The position mandates a high level of expertise, along with a rich history in complex infrastructure management:

  • A minimum of 10 years of experience in Site Reliability Engineering, Systems Engineering, or Software Engineering involving large-scale infrastructure.
  • Expert-level software engineering skills, emphasizing a strong history of creating production-grade automation and systems.
  • Profound knowledge of Linux, networking, and distributed systems design at scale.
  • Extensive experience in debugging and resolving issues across the hardware, OS, networking, and application layers.
  • Demonstrated leadership ability to guide technical initiatives across teams without direct authority, showcasing strong communication skills and a systems-thinking mindset.

Nice to Have

Although not mandatory, the following skills and experiences would be beneficial:

  • Hands-on experience with AI or HPC platforms, particularly dealing with GPUs, InfiniBand/RDMA interconnects, and workload schedulers like SLURM.
  • Familiarity with Kubernetes at scale and various cloud architectures (hybrid and bare-metal).
  • A history of delivering significant enhancements in reliability, scalability, or operational efficiency.

Salary Information

The salary range for this position is notably lucrative, demonstrating Nscale's commitment to attracting top talent. The base salary is outlined to be between $150,000 and $2,150,000 USD. Please note that actual compensation can vary based on factors like skill set, experience, education, and location. Alongside the base salary, the role may offer additional benefits such as bonuses, equity, and participation in commission programs.

Benefits

Nscale emphasizes a collaborative and innovative work environment that values employee contributions. The company promises a highly competitive package, including benefits such as:

  • Medical, dental, and vision coverage.
  • Flexible paid time off.
  • Parental leave.
  • Retirement plan participation.

The company is deeply committed to creating an inclusive workplace and encourages applicants from diverse backgrounds, including people of color, the LGBTQ+ community, individuals with disabilities, and those from underrepresented socio-economic backgrounds.

Culture and Work Environment

Nscale adopts a remote-first approach, demonstrating a commitment to flexibility and work-life balance. Employees are encouraged to create their schedules around significant life moments, ensuring a human-first workplace environment that fosters both productivity and well-being. This dynamic progression plan is tailored to individual ambitions, enabling employees to grow and innovate in their roles.

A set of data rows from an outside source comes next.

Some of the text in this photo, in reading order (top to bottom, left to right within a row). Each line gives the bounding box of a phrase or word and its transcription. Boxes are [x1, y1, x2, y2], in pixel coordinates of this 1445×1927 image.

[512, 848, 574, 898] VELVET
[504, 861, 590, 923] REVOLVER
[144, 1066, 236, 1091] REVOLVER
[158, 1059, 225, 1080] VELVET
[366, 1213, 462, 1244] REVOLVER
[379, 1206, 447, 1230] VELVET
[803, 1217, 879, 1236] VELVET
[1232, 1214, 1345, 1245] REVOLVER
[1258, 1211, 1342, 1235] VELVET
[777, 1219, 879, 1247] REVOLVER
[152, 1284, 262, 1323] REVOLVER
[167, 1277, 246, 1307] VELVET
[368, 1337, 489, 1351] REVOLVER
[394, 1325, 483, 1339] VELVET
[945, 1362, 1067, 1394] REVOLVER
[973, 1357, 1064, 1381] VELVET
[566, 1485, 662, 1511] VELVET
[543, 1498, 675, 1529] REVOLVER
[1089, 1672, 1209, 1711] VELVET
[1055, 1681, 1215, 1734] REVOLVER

In summary, the Principal Site Reliability Engineer role at Nscale is an exceptional opportunity for professionals seeking to contribute to the cutting-edge field of AI infrastructure while enjoying a rewarding work environment, competitive salary, and ample opportunities for personal and professional growth.

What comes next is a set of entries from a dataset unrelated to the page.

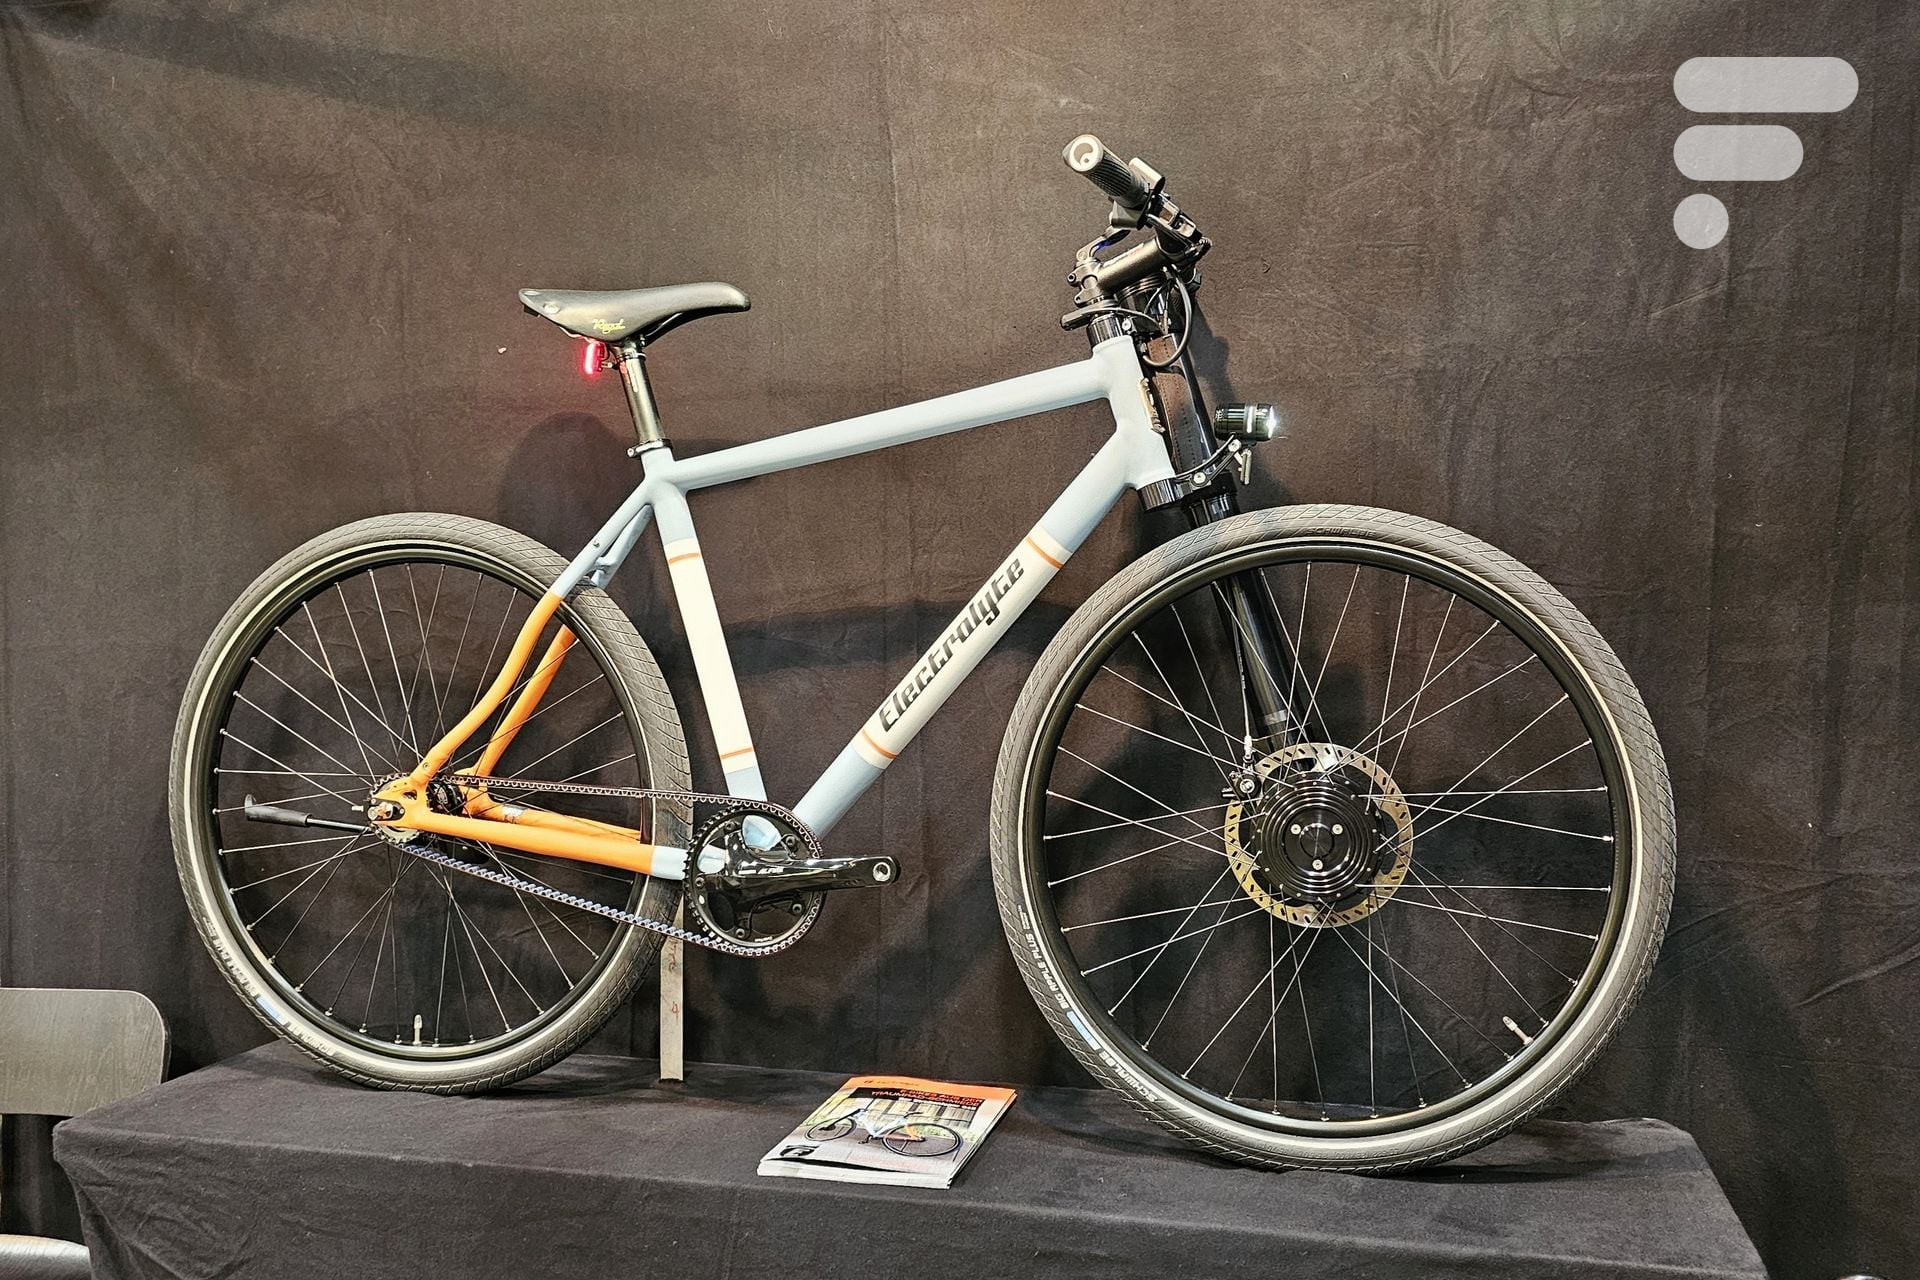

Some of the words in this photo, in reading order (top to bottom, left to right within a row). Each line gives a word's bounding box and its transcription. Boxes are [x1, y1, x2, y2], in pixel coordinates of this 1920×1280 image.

[592, 318, 626, 335] Regal
[878, 557, 1025, 732] Electrolyte
[1025, 933, 1041, 959] PLUS
[1038, 961, 1059, 992] APPLE
[1055, 993, 1069, 1009] BIG
[1098, 1050, 1158, 1103] SCHWALBE

This job offer was originally published on himalayas.app

Nscale

United States

Software development

Full-time

June 25, 2026

2 views

0 clicks on Apply Now


Similar job offers


This job offer summary has been generated using automated technology. While we strive for accuracy, it may not always fully capture the nuances and details of the original job posting. We recommend reviewing the complete job listing before making any decisions or applications.